Description of the task
Below are some records; reproduce them exactly.

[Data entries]
---+---
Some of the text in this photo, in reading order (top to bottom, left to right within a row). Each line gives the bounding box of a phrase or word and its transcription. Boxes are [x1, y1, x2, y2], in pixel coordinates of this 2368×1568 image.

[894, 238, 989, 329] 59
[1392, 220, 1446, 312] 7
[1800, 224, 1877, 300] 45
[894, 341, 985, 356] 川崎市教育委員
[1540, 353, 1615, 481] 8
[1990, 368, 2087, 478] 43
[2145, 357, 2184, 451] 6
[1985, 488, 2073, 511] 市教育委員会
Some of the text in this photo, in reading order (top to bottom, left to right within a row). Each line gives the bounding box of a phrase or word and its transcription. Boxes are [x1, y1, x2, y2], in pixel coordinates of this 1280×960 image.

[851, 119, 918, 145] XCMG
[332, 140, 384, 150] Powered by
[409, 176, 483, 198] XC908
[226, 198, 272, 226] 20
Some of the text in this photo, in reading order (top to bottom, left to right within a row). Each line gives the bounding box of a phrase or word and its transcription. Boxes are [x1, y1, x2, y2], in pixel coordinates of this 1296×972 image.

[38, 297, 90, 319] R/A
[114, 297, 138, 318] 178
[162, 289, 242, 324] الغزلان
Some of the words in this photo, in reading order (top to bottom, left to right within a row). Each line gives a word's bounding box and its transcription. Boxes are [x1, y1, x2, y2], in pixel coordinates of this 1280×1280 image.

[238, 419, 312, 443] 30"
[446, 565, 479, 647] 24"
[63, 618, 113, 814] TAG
---+---
Response to the task
Some of the text in this photo, in reading order (top to bottom, left to right within a row). Each line gives the bounding box of a phrase or word and its transcription. Boxes are [x1, y1, x2, y2], in pixel coordinates of this 2368×1568 image.

[894, 238, 989, 329] 59
[1392, 220, 1446, 312] 7
[1800, 224, 1877, 300] 45
[894, 341, 985, 356] 川崎市教育委員
[1540, 353, 1615, 481] 8
[1990, 368, 2087, 478] 43
[2145, 357, 2184, 451] 6
[1985, 488, 2073, 511] 市教育委員会
Some of the text in this photo, in reading order (top to bottom, left to right within a row). Each line gives the bounding box of a phrase or word and its transcription. Boxes are [x1, y1, x2, y2], in pixel coordinates of this 1280×960 image.

[851, 119, 918, 145] XCMG
[332, 140, 384, 150] Powered by
[409, 176, 483, 198] XC908
[226, 198, 272, 226] 20
Some of the text in this photo, in reading order (top to bottom, left to right within a row). Each line gives the bounding box of a phrase or word and its transcription. Boxes are [x1, y1, x2, y2], in pixel coordinates of this 1296×972 image.

[38, 297, 90, 319] R/A
[114, 297, 138, 318] 178
[162, 289, 242, 324] الغزلان
Some of the words in this photo, in reading order (top to bottom, left to right within a row). Each line gives a word's bounding box and its transcription. Boxes are [x1, y1, x2, y2], in pixel coordinates of this 1280×1280 image.

[238, 419, 312, 443] 30"
[446, 565, 479, 647] 24"
[63, 618, 113, 814] TAG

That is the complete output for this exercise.